◆ **Try it**
Write each entry again exactly as shown, but without the images it holds.
(Information supplied Opens)
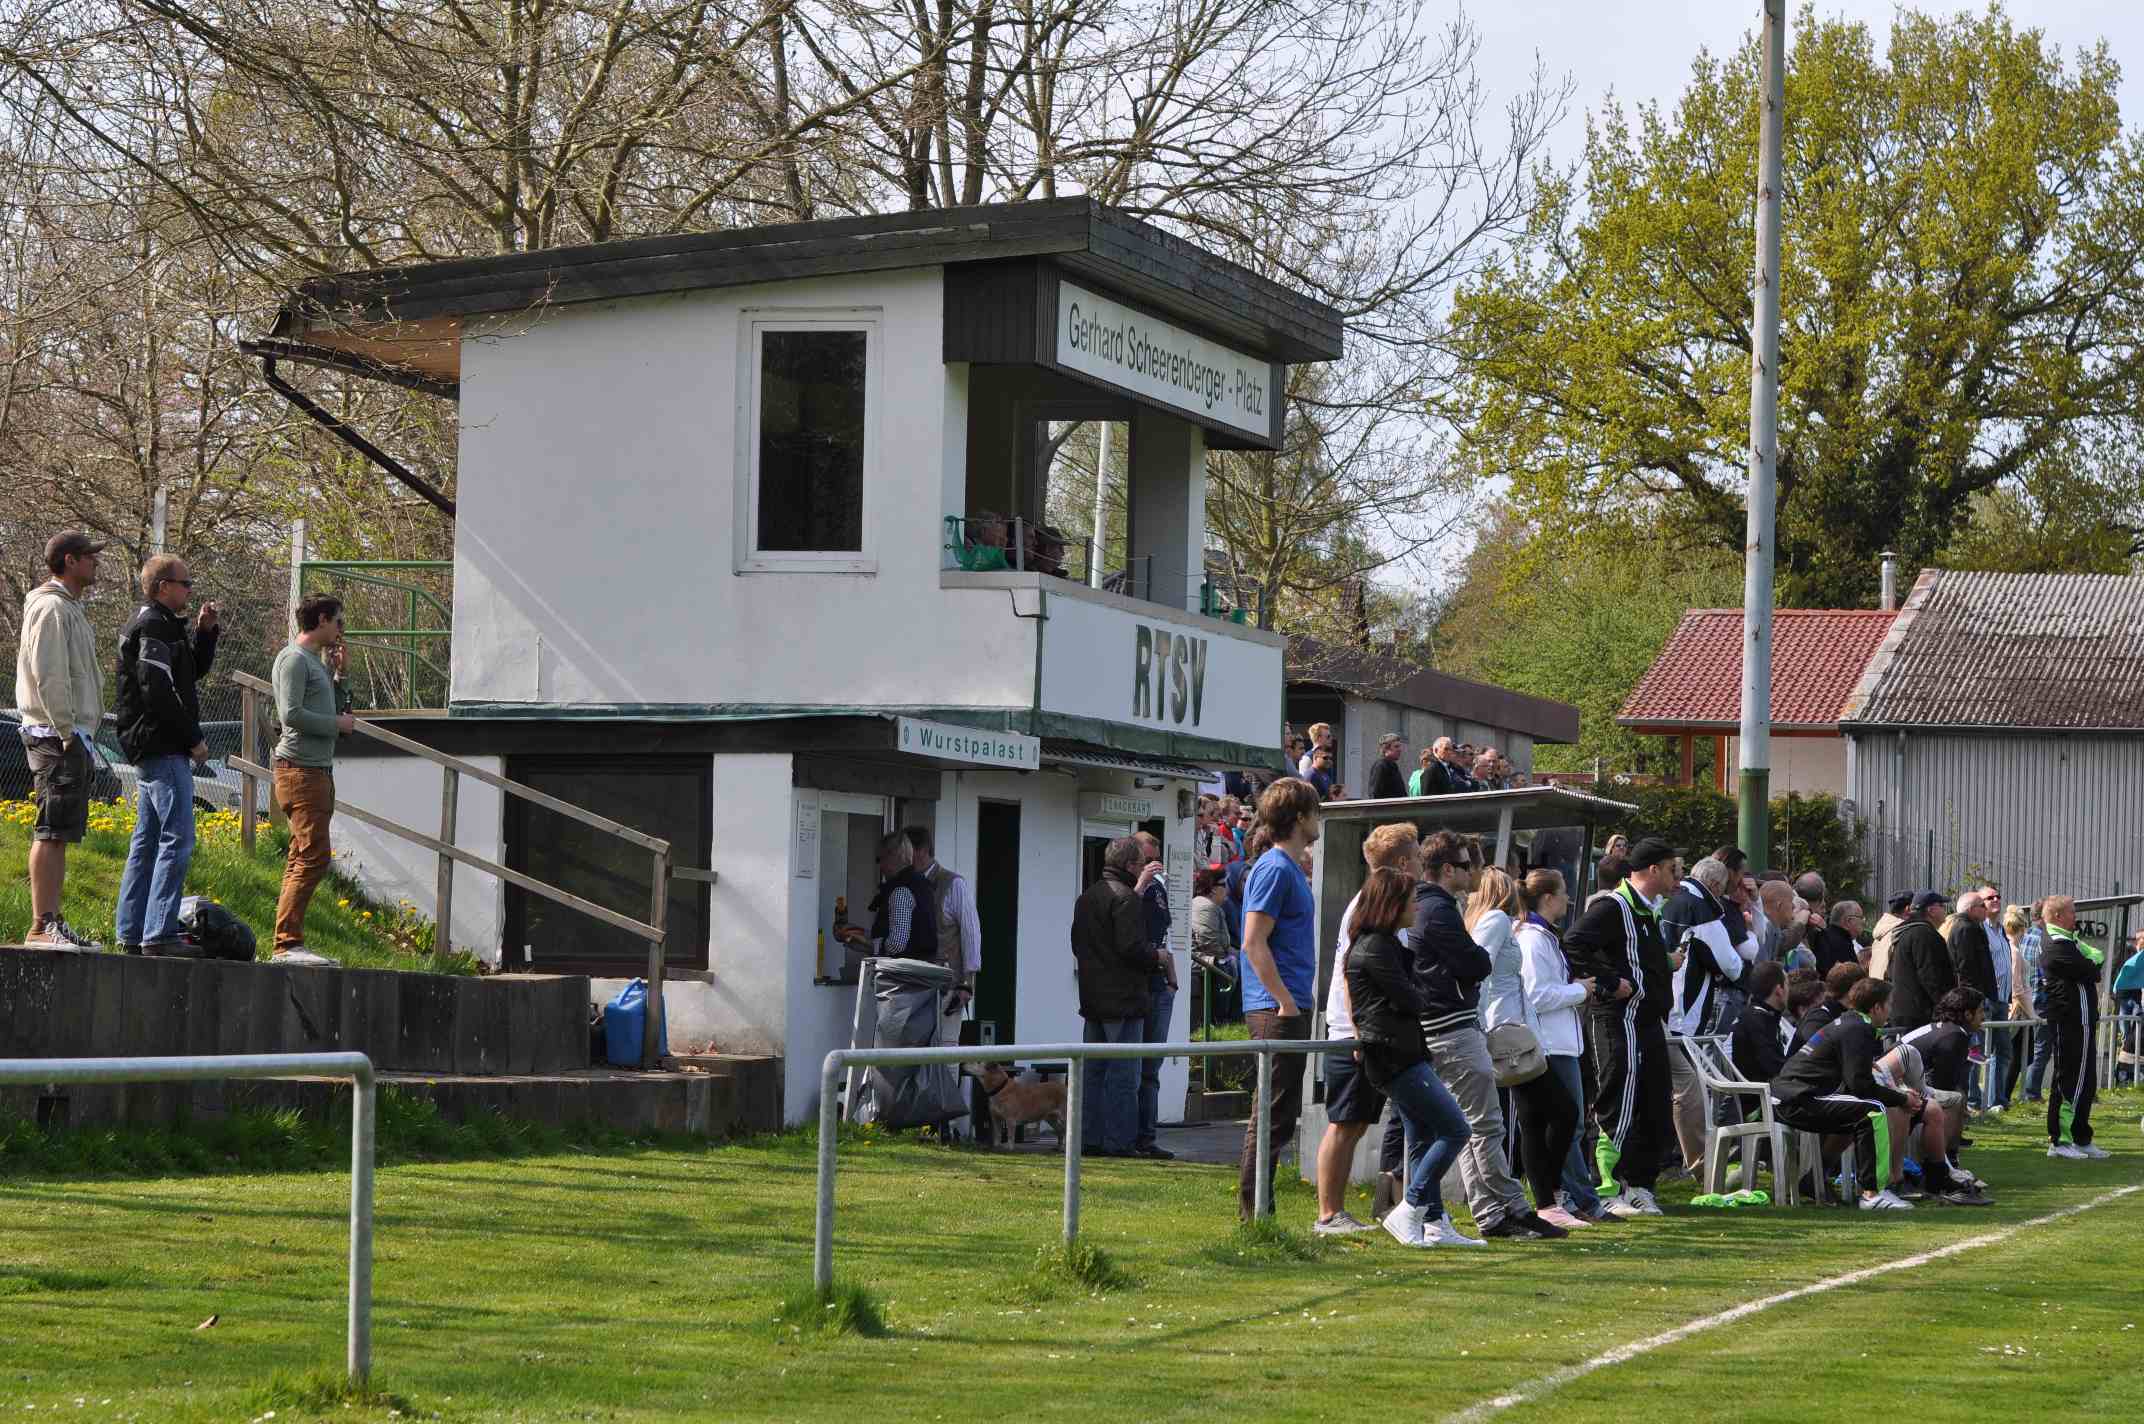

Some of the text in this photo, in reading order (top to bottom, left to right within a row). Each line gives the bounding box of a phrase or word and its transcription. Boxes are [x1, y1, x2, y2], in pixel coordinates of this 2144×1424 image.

[1069, 302, 1124, 366] Gerhard
[1127, 326, 1226, 409] Scheerenberger
[1236, 368, 1262, 416] Platz
[1133, 624, 1207, 726] RTSV
[920, 727, 1023, 760] Wurstpalast
(Information supplied Closes)
◆ **Output of the task**
Some of the text in this photo, in reading order (top to bottom, left to right within a row). Each line gives the bounding box of a phrase or word and its transcription. Boxes are [x1, y1, x2, y2], in pixel coordinates of this 2144×1424 image.

[1069, 302, 1124, 366] Gerhard
[1127, 326, 1226, 409] Scheerenberger
[1236, 368, 1262, 416] Platz
[1133, 624, 1207, 726] RTSV
[920, 727, 1023, 760] Wurstpalast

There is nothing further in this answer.